WHAT THE TASK REQUIRES — Every line of the listing must be reproduced as it stands. Leave the images behind.
============
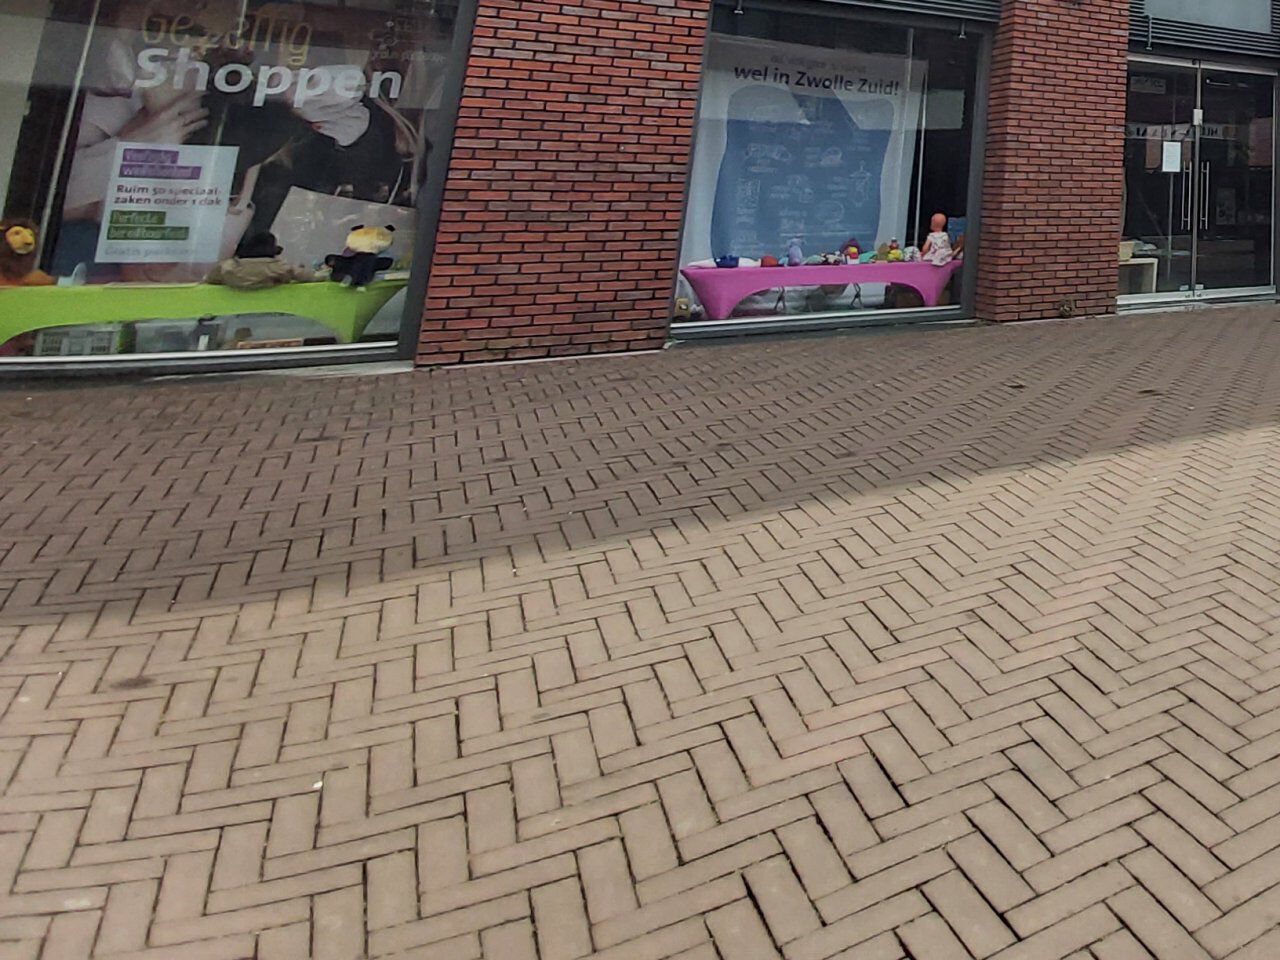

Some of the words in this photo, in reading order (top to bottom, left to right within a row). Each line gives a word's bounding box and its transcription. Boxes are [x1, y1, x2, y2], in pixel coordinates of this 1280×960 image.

[134, 46, 402, 108] Shoppen
[734, 66, 769, 81] wel
[773, 67, 790, 85] in
[794, 71, 853, 90] Zwolle
[857, 78, 899, 96] Zuid!
[116, 184, 149, 194] Ruim
[113, 195, 152, 205] zaken
[154, 195, 188, 206] onder
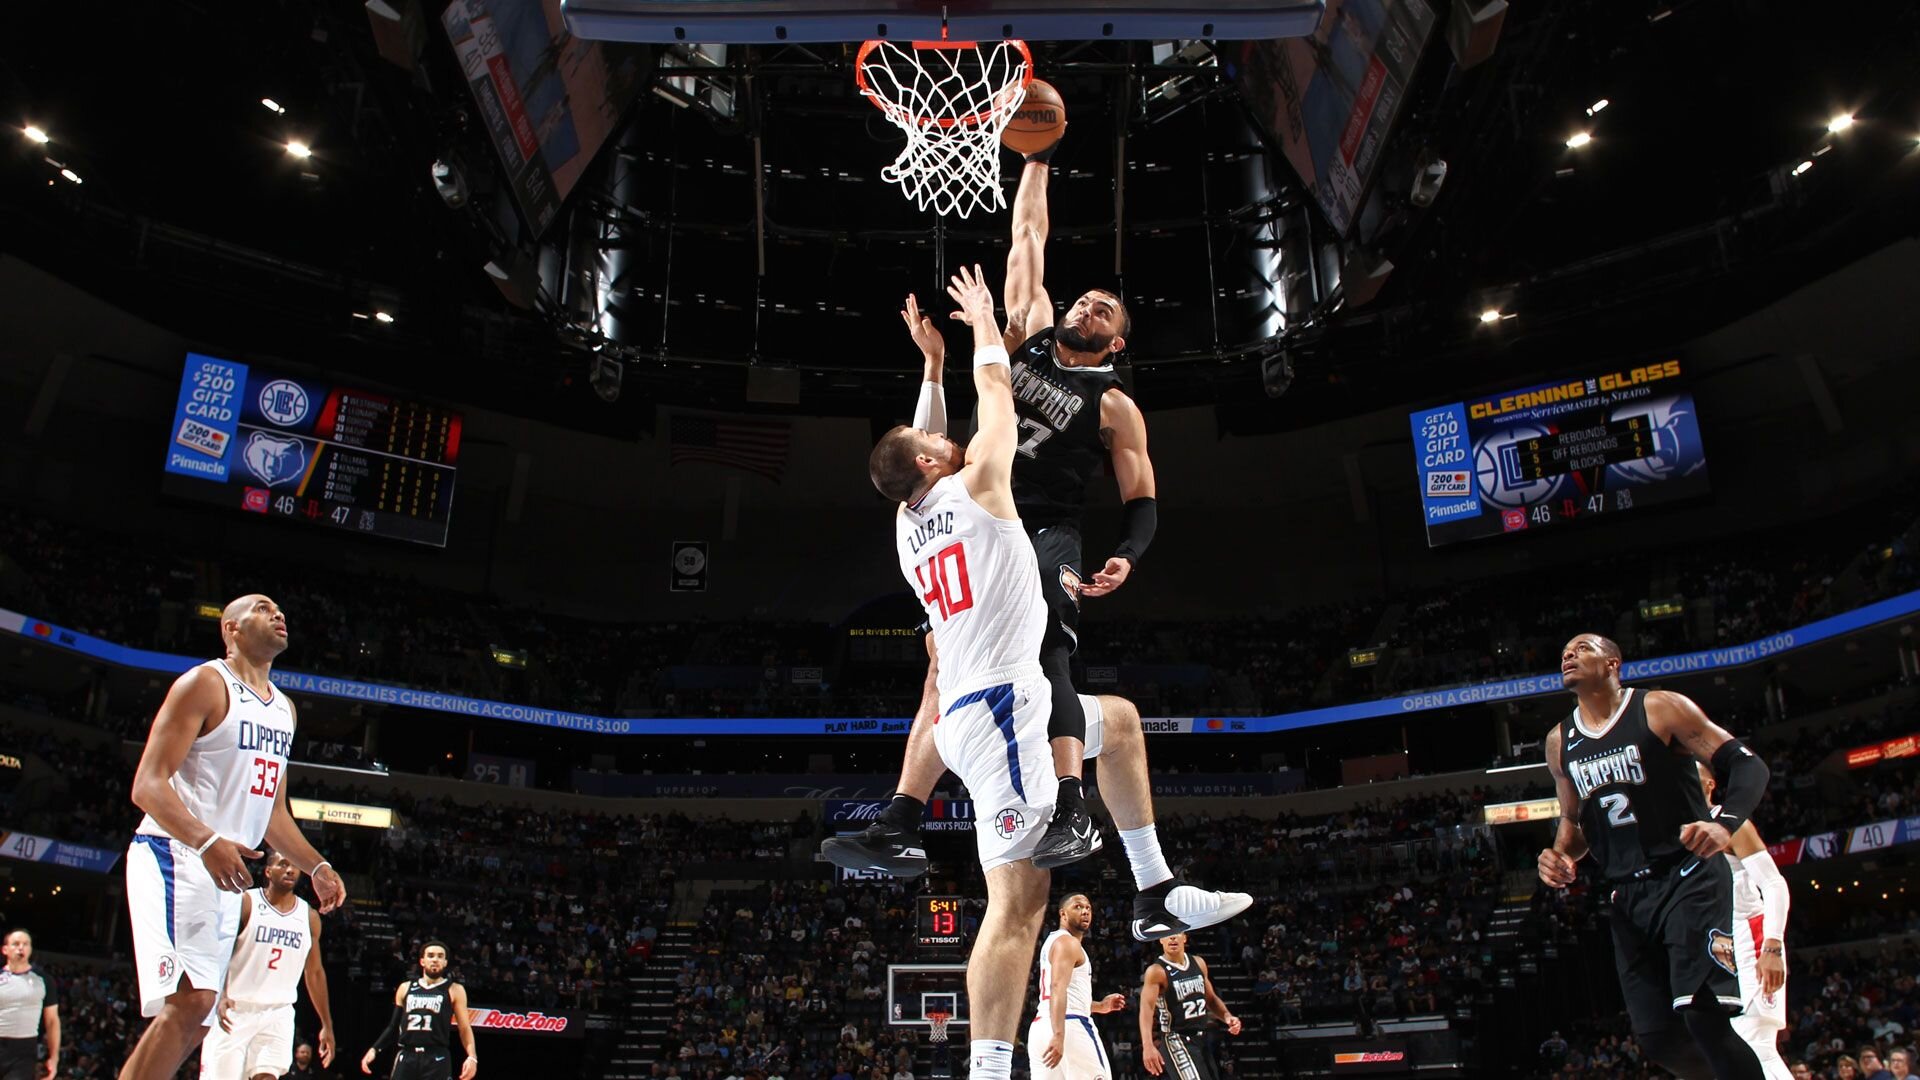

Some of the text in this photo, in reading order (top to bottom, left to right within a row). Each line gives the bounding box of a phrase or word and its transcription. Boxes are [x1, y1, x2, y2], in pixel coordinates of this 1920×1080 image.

[202, 363, 233, 377] GET A
[193, 371, 235, 392] $200
[1470, 360, 1681, 420] CLEANING THE GLASS
[193, 388, 232, 406] GIFT
[1011, 361, 1084, 432] MEMPHIS
[1493, 413, 1524, 424] PRESENTED
[1530, 398, 1600, 420] ServiceMASTER
[1601, 396, 1610, 406] by
[1611, 386, 1651, 402] STRATOS
[185, 402, 231, 422] CARD
[1426, 411, 1454, 425] GET A
[187, 422, 209, 438] $200
[1015, 412, 1054, 459] 7
[1422, 420, 1458, 439] $200
[1529, 419, 1638, 451] 15 REBOUNDS 16
[182, 432, 221, 451] GIFT CARD
[1426, 435, 1459, 453] GIFT
[1552, 448, 1570, 460] OFF
[1570, 437, 1618, 457] REBOUNDS
[171, 453, 225, 475] Pinnacle
[1424, 449, 1465, 468] CARD
[1570, 454, 1605, 471] BLOCKS
[1431, 474, 1452, 483] $200
[274, 495, 295, 515] 46
[331, 506, 350, 525] 47
[1429, 500, 1477, 518] Pinnacle
[1532, 504, 1551, 523] 46
[1588, 493, 1604, 513] 47
[907, 511, 954, 555] ZUBAC
[914, 540, 974, 622] 40
[1402, 695, 1442, 711] OPEN
[1446, 693, 1457, 705] A
[1459, 680, 1536, 702] GRIZZLIES
[1627, 654, 1709, 680] ACCOUNT
[1712, 646, 1756, 667] WITH
[1758, 633, 1794, 655] $100
[272, 671, 630, 734] PEN A GRIZZLIES CHECKING ACCOUNT WITH $100
[825, 722, 848, 732] PLAY
[851, 720, 878, 731] HARD
[882, 722, 905, 732] Bank
[238, 720, 292, 759] CLIPPERS
[250, 757, 279, 798] 33
[1568, 743, 1647, 800] MEMPHIS
[1156, 785, 1255, 794] ONLY WORTH IT
[328, 810, 362, 820] LOTTERY
[1599, 793, 1638, 828] 2
[926, 821, 973, 831] HUSKY'S PIZZA
[1863, 825, 1884, 848] 40
[14, 836, 36, 859] 40
[929, 900, 958, 912] 6:41
[933, 912, 955, 934] 13
[255, 925, 302, 950] CLIPPERS
[268, 948, 282, 970] 2
[1172, 974, 1206, 1001] MEMPHIS
[406, 993, 443, 1014] MEMPHIS
[1183, 998, 1207, 1020] 22
[407, 1014, 432, 1031] 21
[483, 1009, 568, 1032] AutoZone
============
TASK SOLUTION —
Some of the words in this photo, in reading order (top to bottom, left to right within a row). Each line gives a word's bounding box and its transcription. Boxes are [x1, y1, x2, y2], in pixel coordinates of this 1280×960 image.

[134, 46, 402, 108] Shoppen
[734, 66, 769, 81] wel
[773, 67, 790, 85] in
[794, 71, 853, 90] Zwolle
[857, 78, 899, 96] Zuid!
[116, 184, 149, 194] Ruim
[113, 195, 152, 205] zaken
[154, 195, 188, 206] onder

Some of the text in this photo, in reading order (top to bottom, left to right within a row). Each line gives the bounding box of a phrase or word and its transcription. Boxes are [x1, y1, x2, y2], in pixel coordinates of this 1920×1080 image.

[202, 363, 233, 377] GET A
[193, 371, 235, 392] $200
[1470, 360, 1681, 420] CLEANING THE GLASS
[193, 388, 232, 406] GIFT
[1011, 361, 1084, 432] MEMPHIS
[1493, 413, 1524, 424] PRESENTED
[1530, 398, 1600, 420] ServiceMASTER
[1601, 396, 1610, 406] by
[1611, 386, 1651, 402] STRATOS
[185, 402, 231, 422] CARD
[1426, 411, 1454, 425] GET A
[187, 422, 209, 438] $200
[1015, 412, 1054, 459] 7
[1422, 420, 1458, 439] $200
[1529, 419, 1638, 451] 15 REBOUNDS 16
[182, 432, 221, 451] GIFT CARD
[1426, 435, 1459, 453] GIFT
[1552, 448, 1570, 460] OFF
[1570, 437, 1618, 457] REBOUNDS
[171, 453, 225, 475] Pinnacle
[1424, 449, 1465, 468] CARD
[1570, 454, 1605, 471] BLOCKS
[1431, 474, 1452, 483] $200
[274, 495, 295, 515] 46
[331, 506, 350, 525] 47
[1429, 500, 1477, 518] Pinnacle
[1532, 504, 1551, 523] 46
[1588, 493, 1604, 513] 47
[907, 511, 954, 555] ZUBAC
[914, 540, 974, 622] 40
[1402, 695, 1442, 711] OPEN
[1446, 693, 1457, 705] A
[1459, 680, 1536, 702] GRIZZLIES
[1627, 654, 1709, 680] ACCOUNT
[1712, 646, 1756, 667] WITH
[1758, 633, 1794, 655] $100
[272, 671, 630, 734] PEN A GRIZZLIES CHECKING ACCOUNT WITH $100
[825, 722, 848, 732] PLAY
[851, 720, 878, 731] HARD
[882, 722, 905, 732] Bank
[238, 720, 292, 759] CLIPPERS
[250, 757, 279, 798] 33
[1568, 743, 1647, 800] MEMPHIS
[1156, 785, 1255, 794] ONLY WORTH IT
[328, 810, 362, 820] LOTTERY
[1599, 793, 1638, 828] 2
[926, 821, 973, 831] HUSKY'S PIZZA
[1863, 825, 1884, 848] 40
[14, 836, 36, 859] 40
[929, 900, 958, 912] 6:41
[933, 912, 955, 934] 13
[255, 925, 302, 950] CLIPPERS
[268, 948, 282, 970] 2
[1172, 974, 1206, 1001] MEMPHIS
[406, 993, 443, 1014] MEMPHIS
[1183, 998, 1207, 1020] 22
[407, 1014, 432, 1031] 21
[483, 1009, 568, 1032] AutoZone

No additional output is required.